There is no more pleasant and amusing way to enjoy a game day than to savor one refreshing bottle of an ice-cold beer. Believe it or not, beer tastes better while watching your favorite game- it may be football, basketball, and the likes.
When talking about beers, Asian beers will always be on top of the list. In fact, Asia consumes the most beer out of any continent in the world.
Asian beers are known for being weak, watery brews with very little flavor. Even though the alcohol level differs from every brand, there will always be that distinct taste consistently present in Asian beers.
But which brands do most consumers reach for when they want to chill out while on a game night? Here are some of Asia’s most famous and iconic beers that you might want to try sometimes.

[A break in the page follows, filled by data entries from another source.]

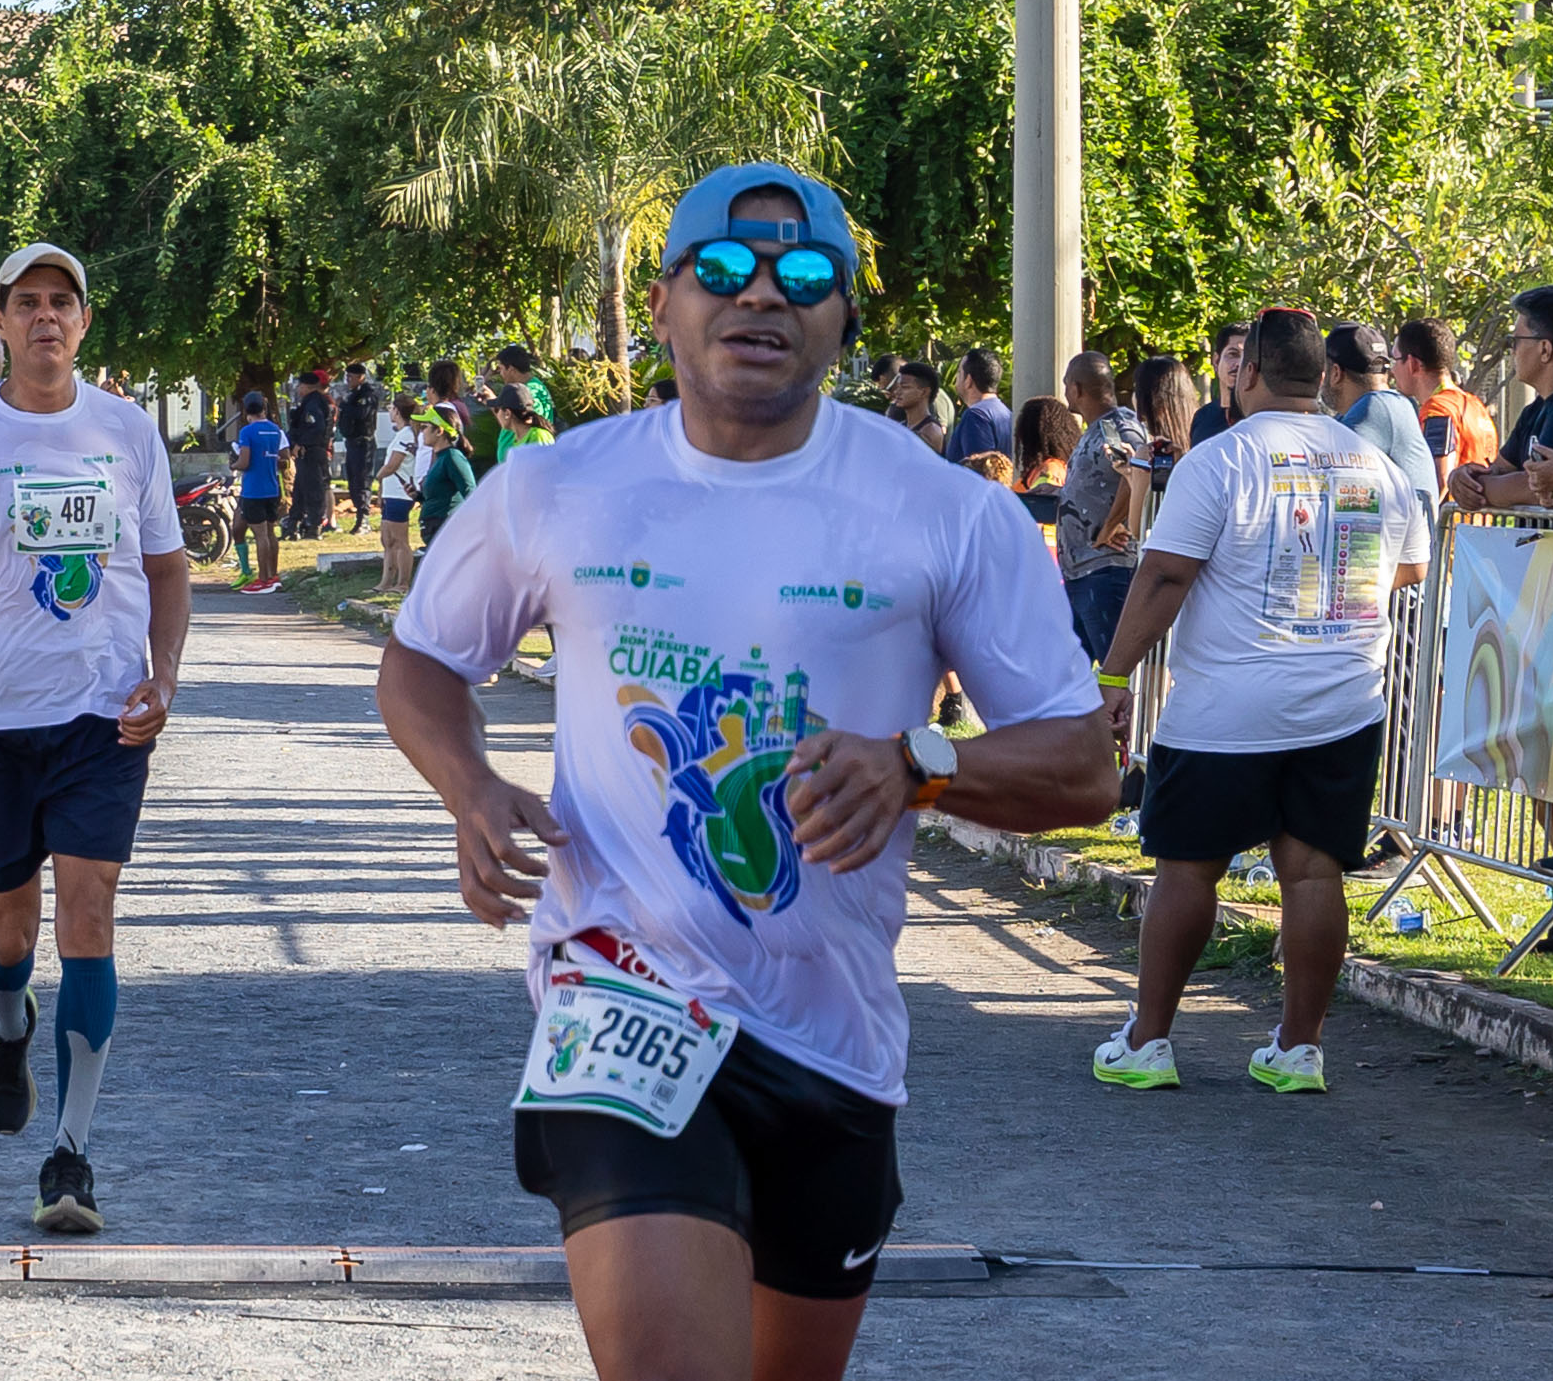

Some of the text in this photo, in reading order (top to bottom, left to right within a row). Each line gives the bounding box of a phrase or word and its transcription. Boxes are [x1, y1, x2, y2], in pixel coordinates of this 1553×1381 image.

[60, 495, 96, 523] 487
[619, 634, 711, 657] BOM JESUS DE
[609, 646, 725, 690] CUIABÁ
[615, 941, 660, 984] YO
[558, 989, 578, 1007] 10K
[590, 1006, 699, 1080] 2965

Angkor, Cambodia’s national beer, is inspired by the world-famous Khmer Angkor temples at Siem Reap, which attract thousands of tourists every year. This reasonably ordinary Asian beer made the list for a few reasons.
The first is that Angkor Beer is a light and refreshing beer with a savory flavor. The beer is full of mild bitterness, a light hops scent, and a delightful aftertaste. It features crisp malty tones when compared to Cambodia’s other popular tap beers.

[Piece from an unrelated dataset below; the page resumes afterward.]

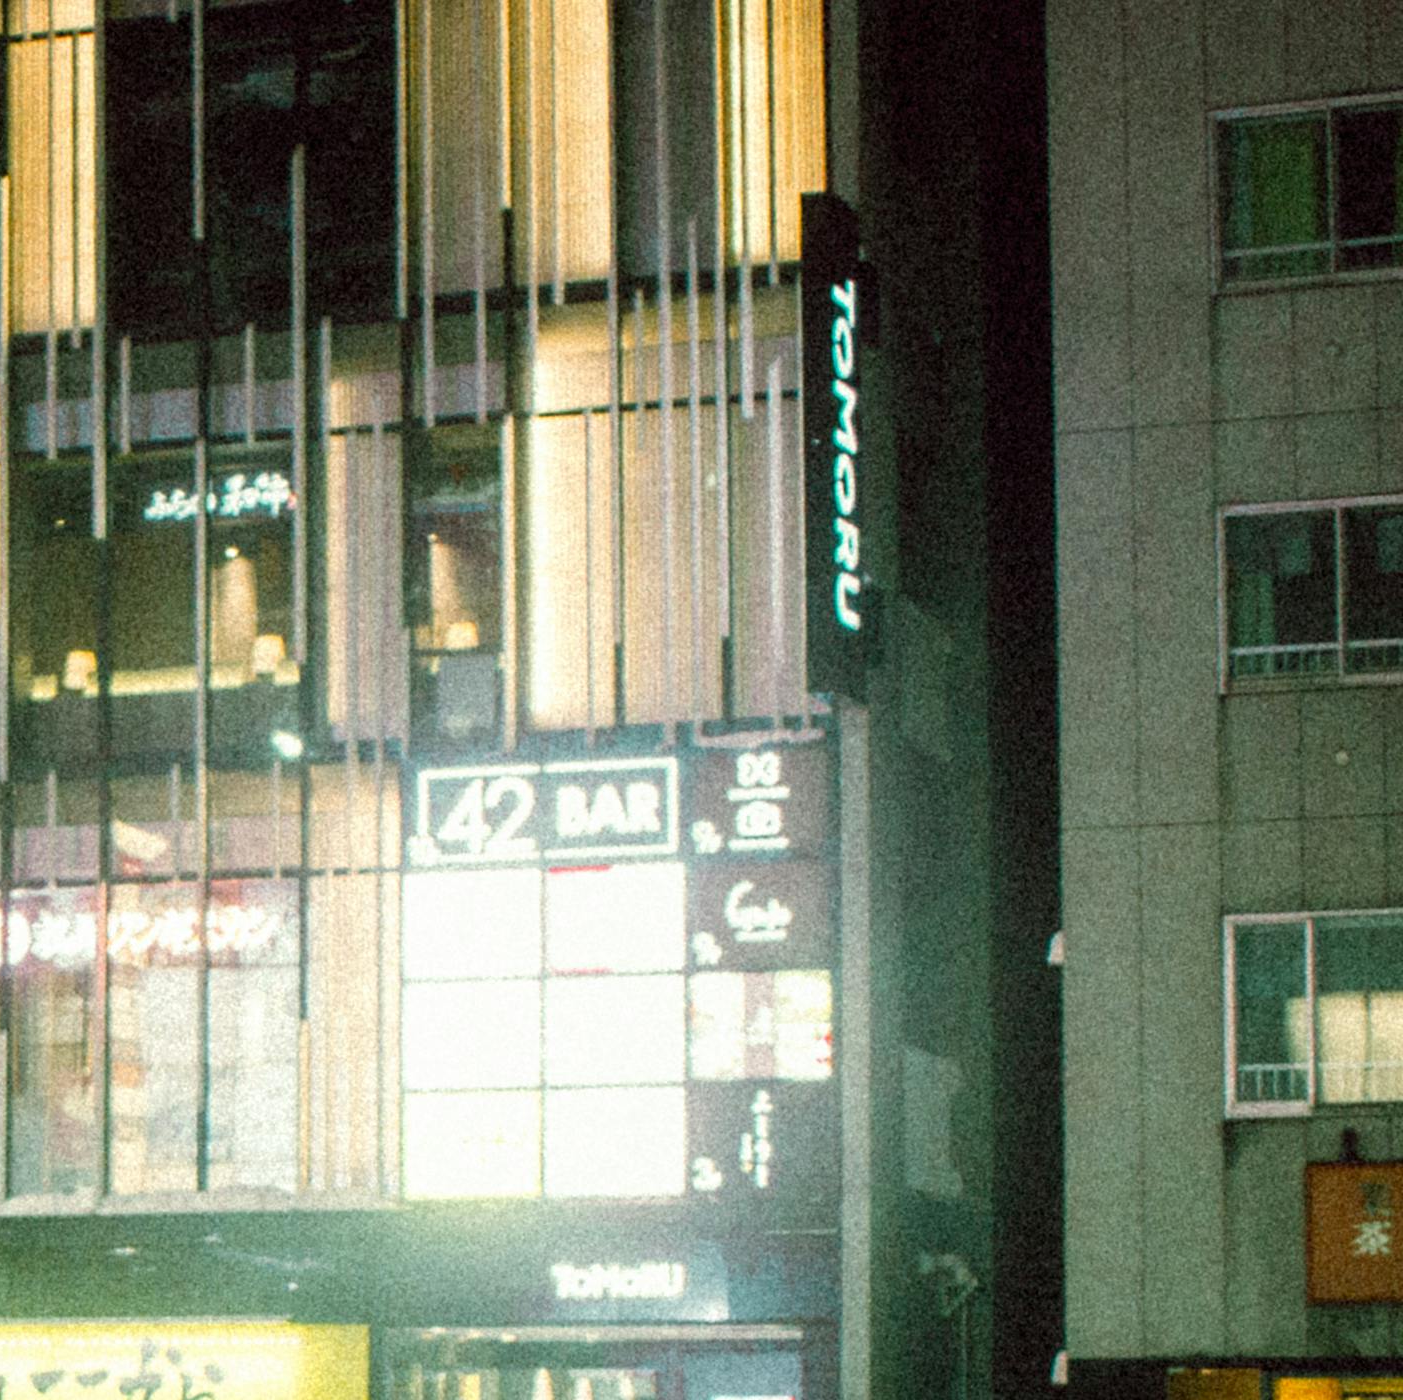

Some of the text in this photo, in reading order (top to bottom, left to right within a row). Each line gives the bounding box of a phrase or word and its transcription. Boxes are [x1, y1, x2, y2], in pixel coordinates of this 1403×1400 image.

[831, 278, 862, 631] TOMORU
[435, 774, 536, 854] 42
[555, 781, 660, 837] BAR

This drink is available in 640ml, 320ml bottles and cans, and on tap. It’s sold for as low as 25 cents per glass in Cambodia, making it one of the best-value beers sold in the world. The beer Angkor is a lager. It might not be full-flavored, but it’s remarkably strong for a lager.

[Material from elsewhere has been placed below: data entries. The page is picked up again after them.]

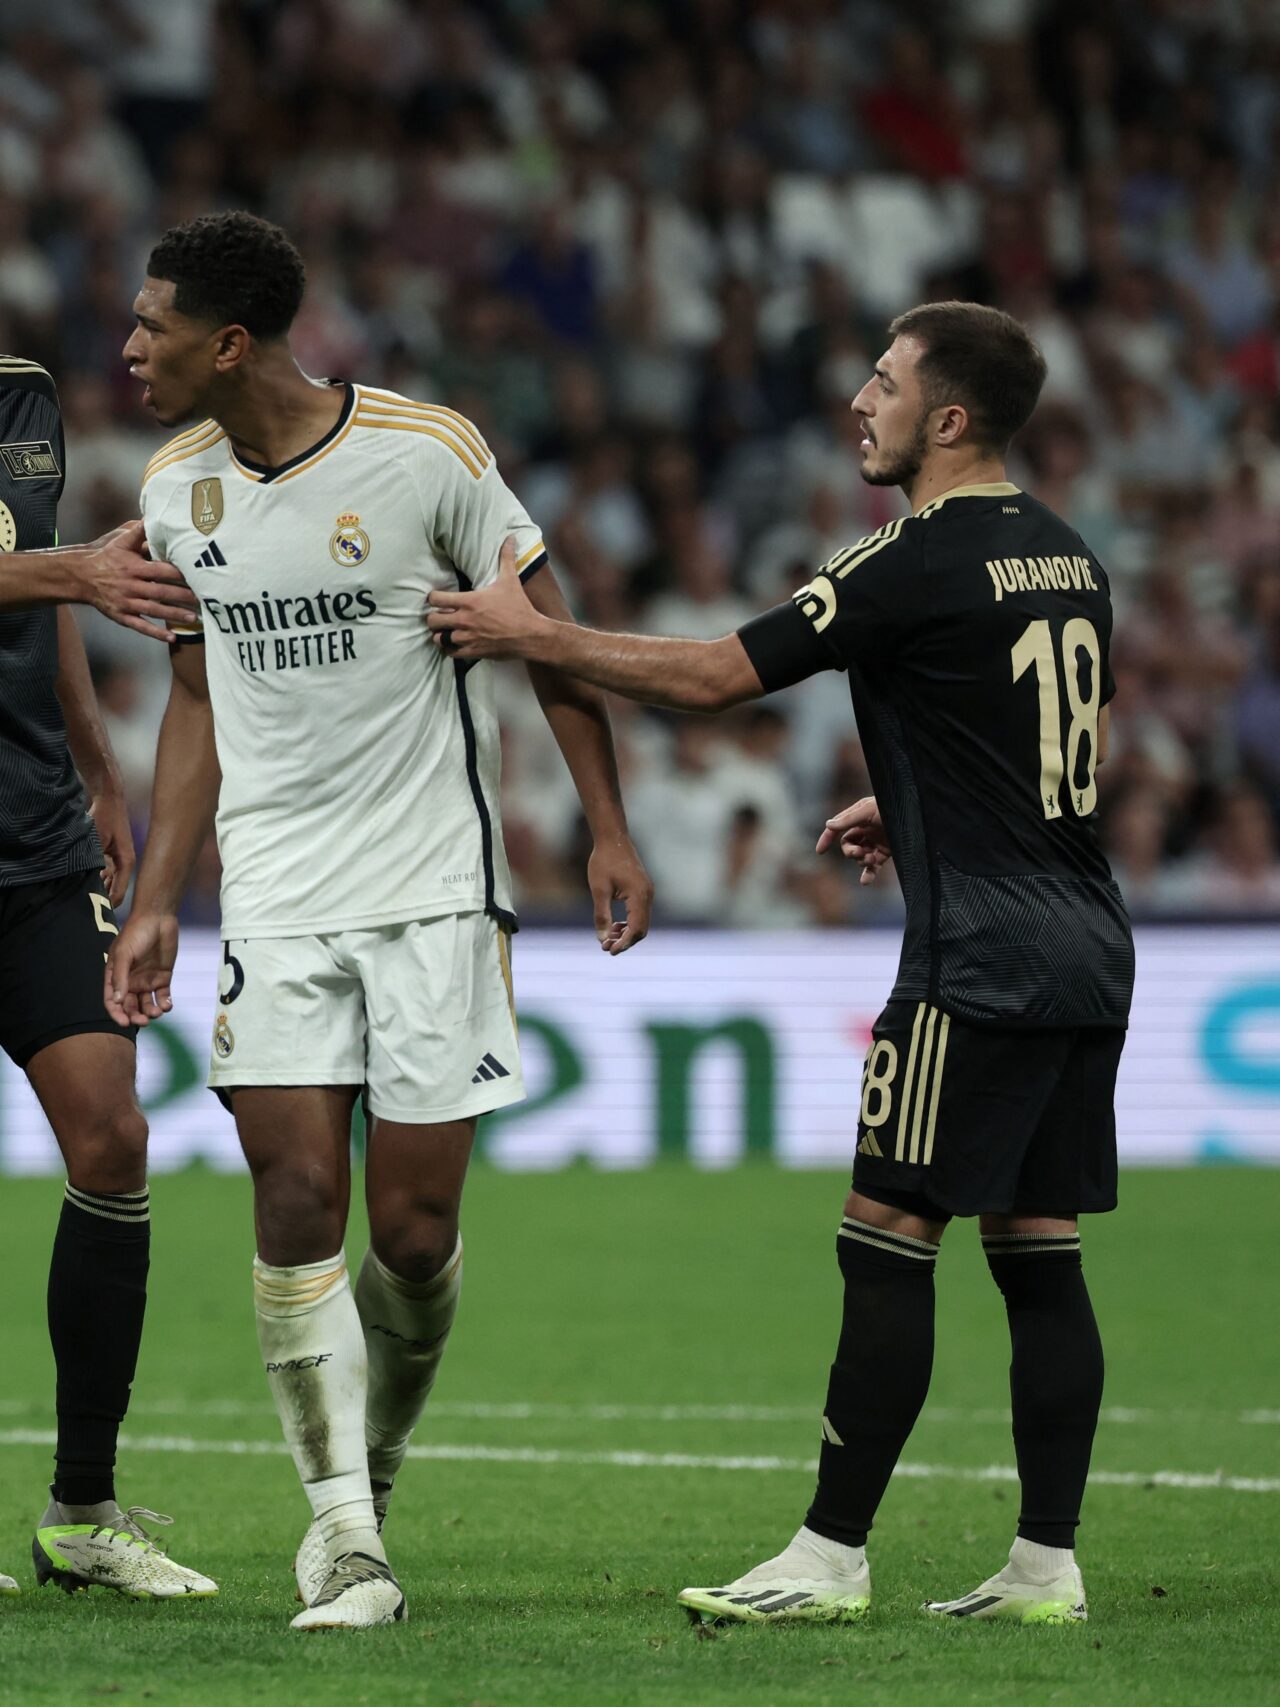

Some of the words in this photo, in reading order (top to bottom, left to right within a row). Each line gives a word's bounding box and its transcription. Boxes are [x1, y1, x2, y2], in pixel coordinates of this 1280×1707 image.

[200, 513, 216, 523] FIFA
[203, 589, 377, 634] Emirates
[237, 640, 265, 672] FLY
[274, 628, 357, 671] BETTER
[1011, 617, 1101, 820] 18
[857, 1039, 898, 1127] 8
[266, 1353, 333, 1374] RMCF
[86, 1543, 115, 1553] PREDATOR

Vietnam has a large variety of locally produced beers available in bottles and cans, including Saigon Beer, Vietnam’s most popular and highest-selling brand, made and packaged in Ho Chi Minh City and widely distributed throughout the country.
They create the Saigon Beer with barley and rice, and it has a golden yellow color and a thick, cream-colored head. This beer is a unique lager with a tangy flavor that Vietnamese people believe is gentle and refreshing when consumed outside in the sun. Generally speaking, this beer has a 4.9 percent alcohol level, similar to a Dutch pilsner.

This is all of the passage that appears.